• _Requirement_:
An exact restatement of the data is required, with the images omitted.
────
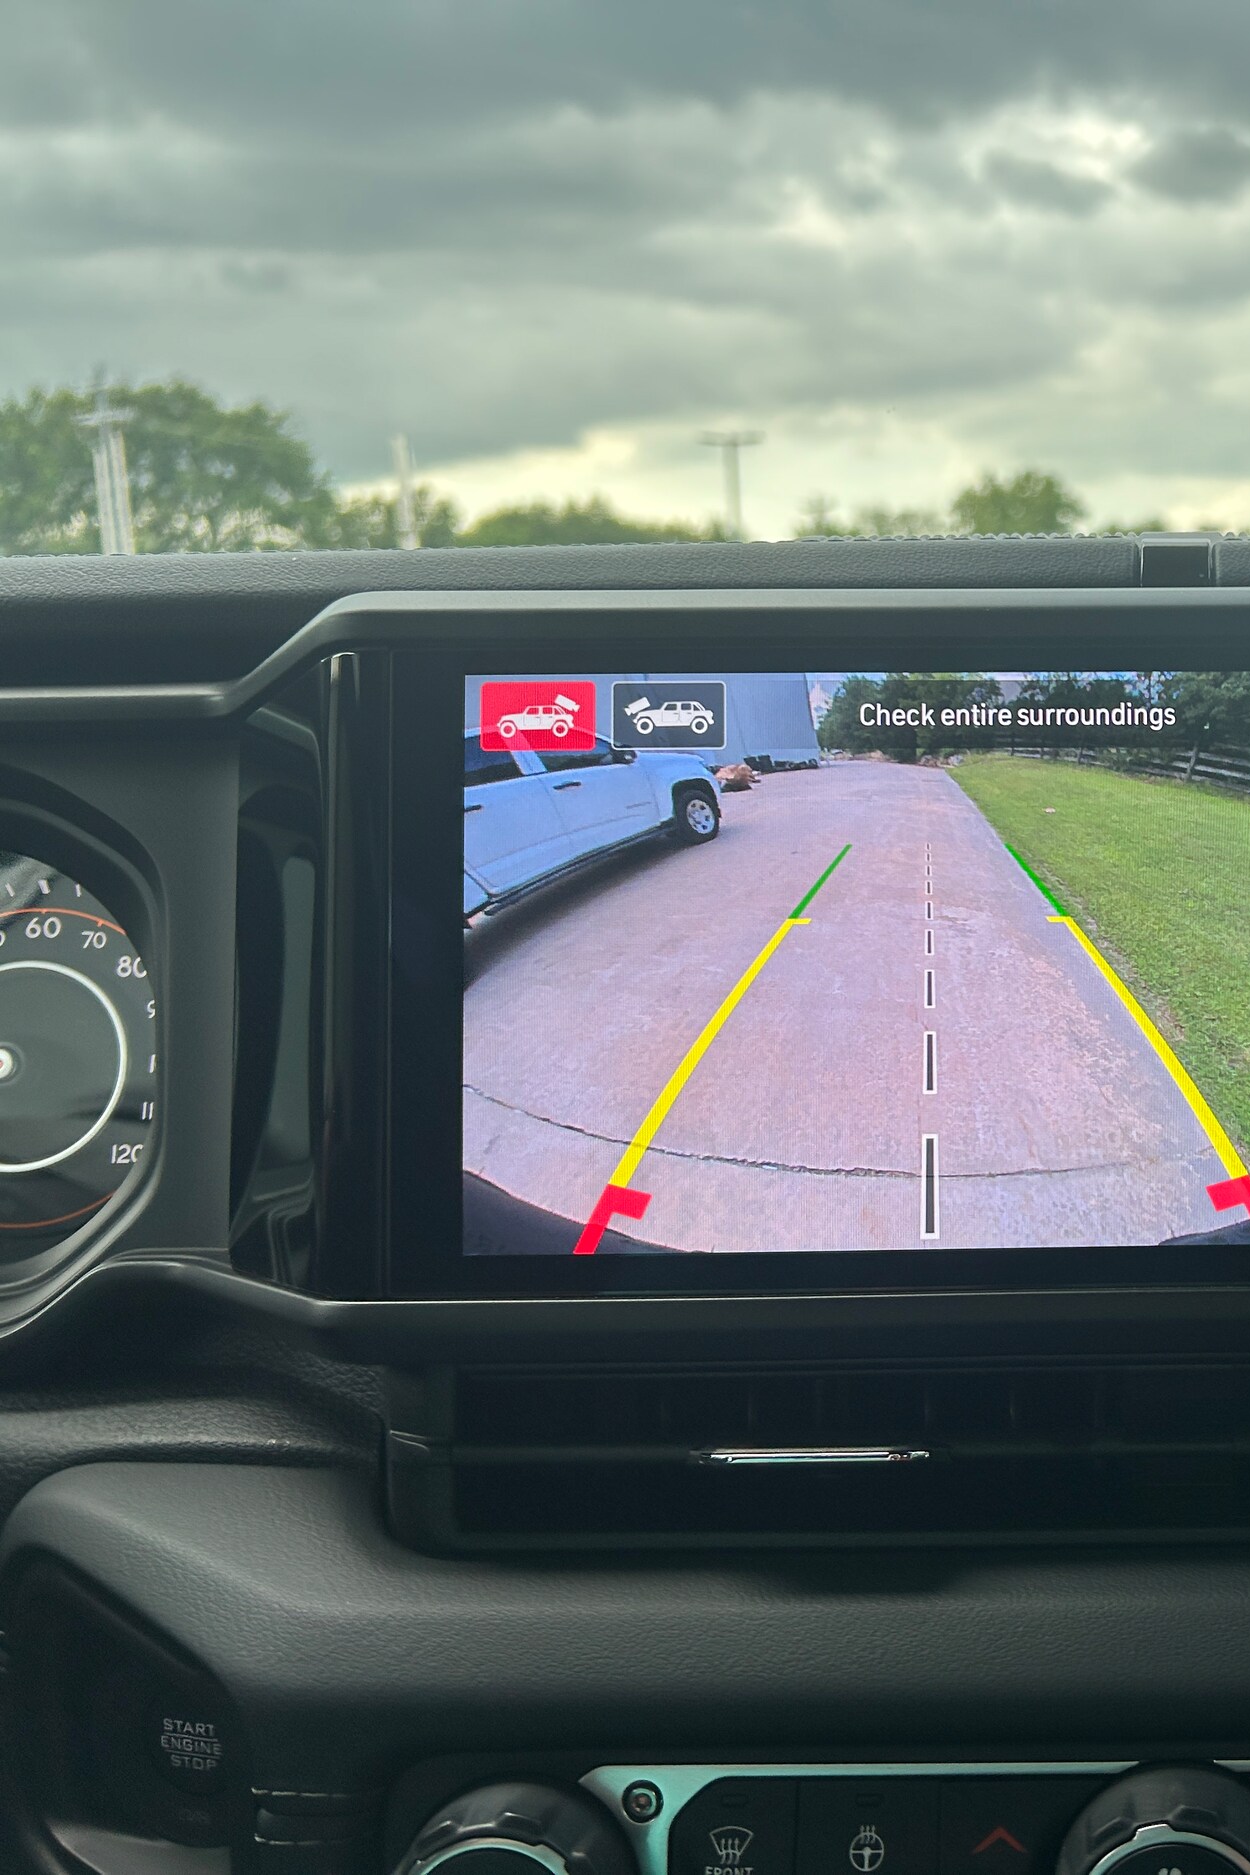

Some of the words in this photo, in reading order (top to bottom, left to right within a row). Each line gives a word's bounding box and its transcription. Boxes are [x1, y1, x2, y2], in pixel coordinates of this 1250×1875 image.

[859, 702, 935, 727] Check
[940, 702, 1012, 727] entire
[1016, 702, 1176, 731] surroundings
[25, 916, 62, 939] 60
[81, 931, 107, 949] 70
[163, 1718, 215, 1737] START
[161, 1735, 223, 1756] ENGINE
[170, 1754, 217, 1771] STOP
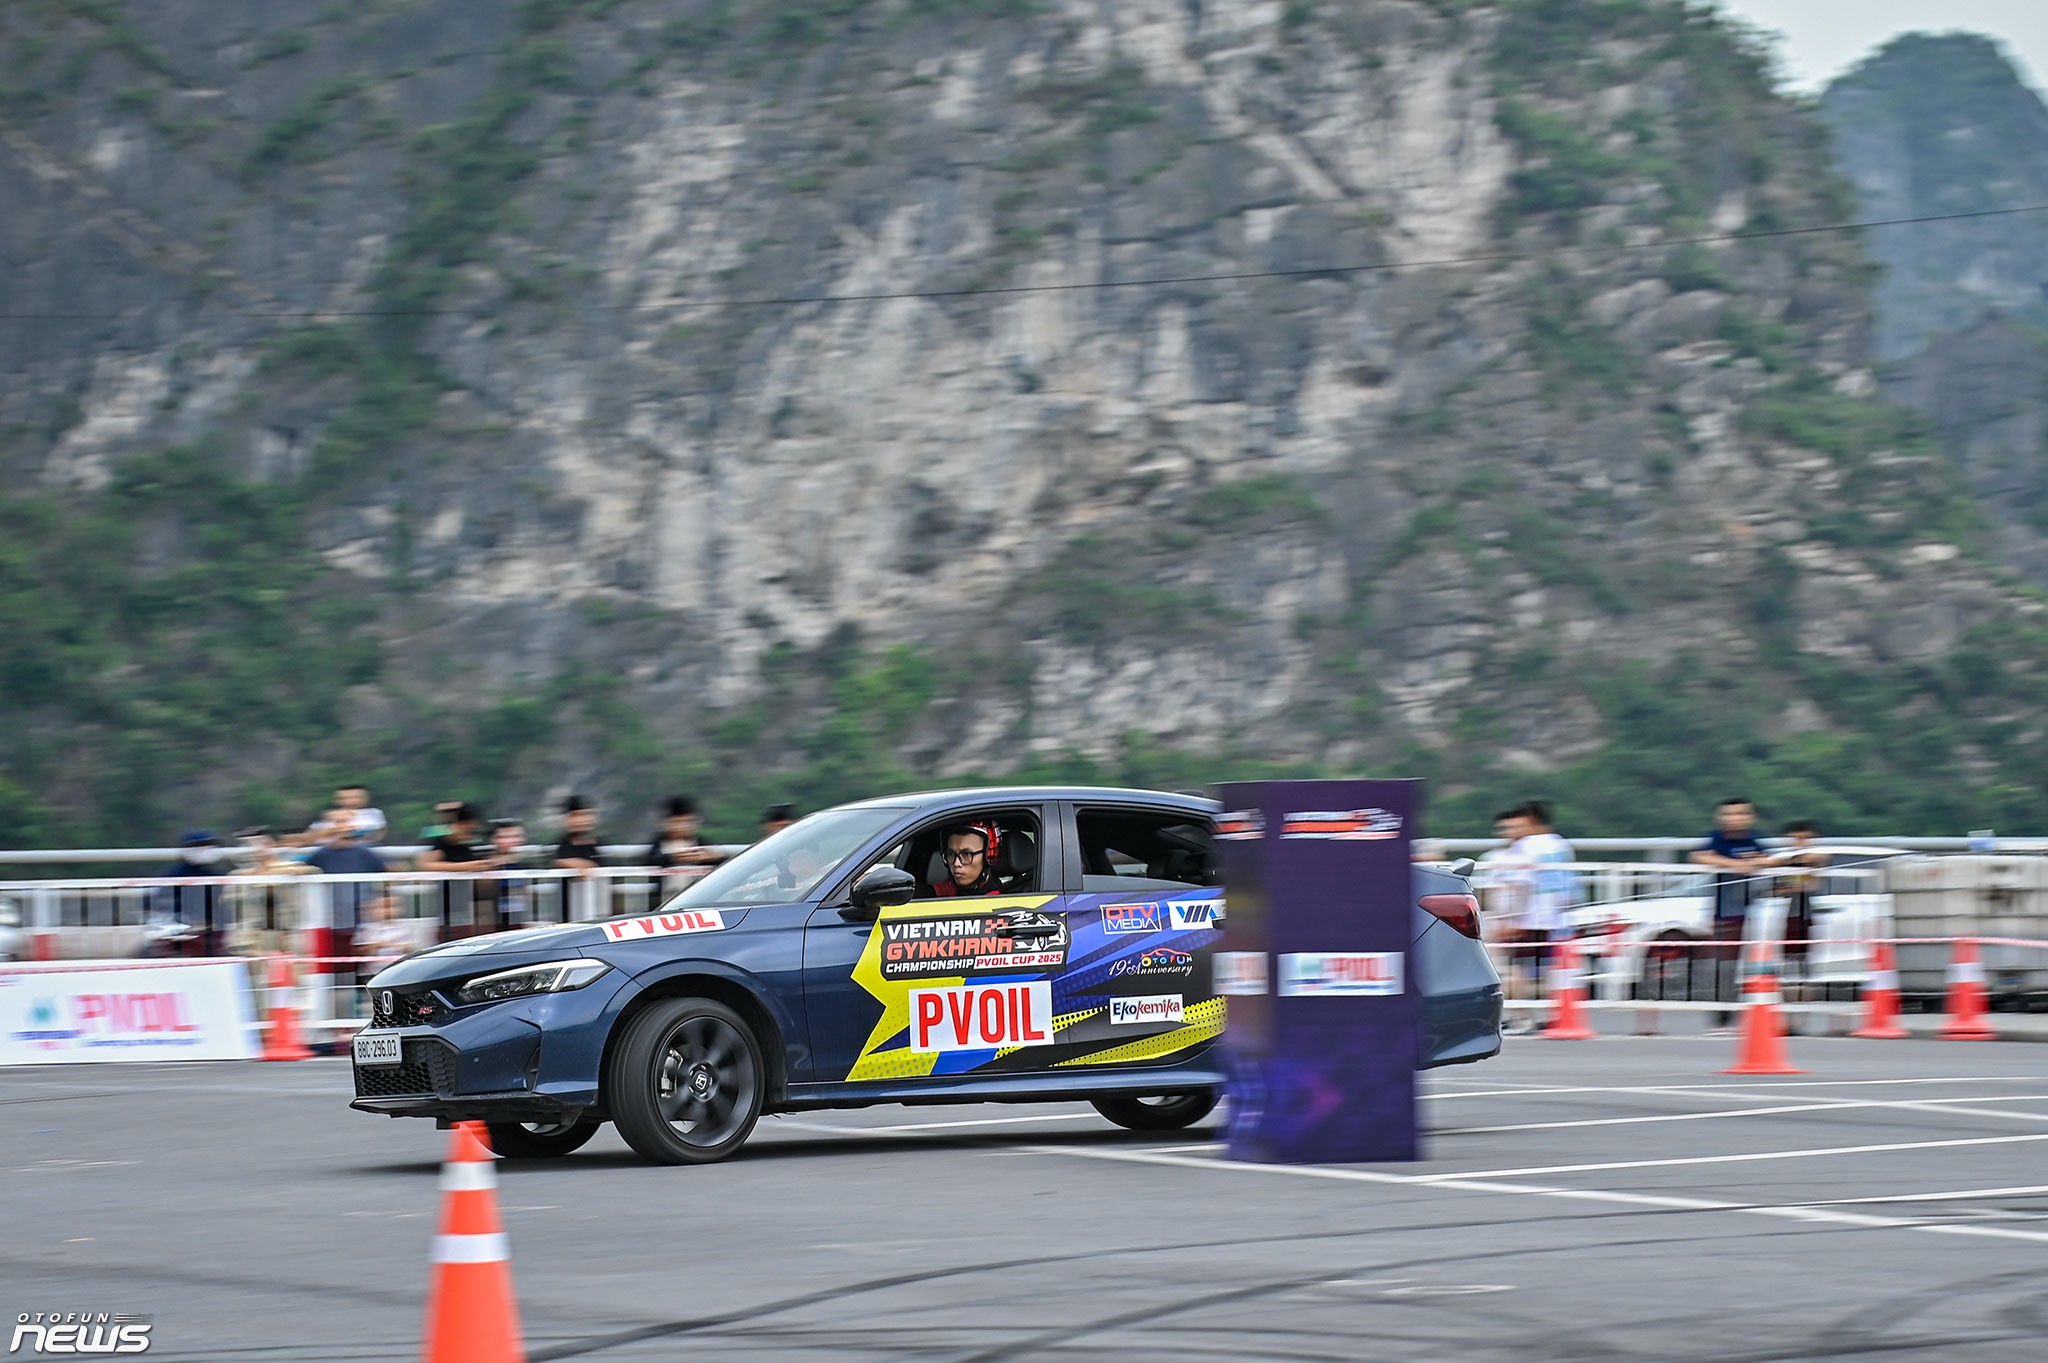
────
• _Output of the task_:
Some of the words in this photo, in reading order (top to bottom, left to right within a row). Each line gives a word's bounding box and its transcription. Boxes are [x1, y1, x2, y2], in pixel coordinates of this 1250×1875 image.

[859, 702, 935, 727] Check
[940, 702, 1012, 727] entire
[1016, 702, 1176, 731] surroundings
[25, 916, 62, 939] 60
[81, 931, 107, 949] 70
[163, 1718, 215, 1737] START
[161, 1735, 223, 1756] ENGINE
[170, 1754, 217, 1771] STOP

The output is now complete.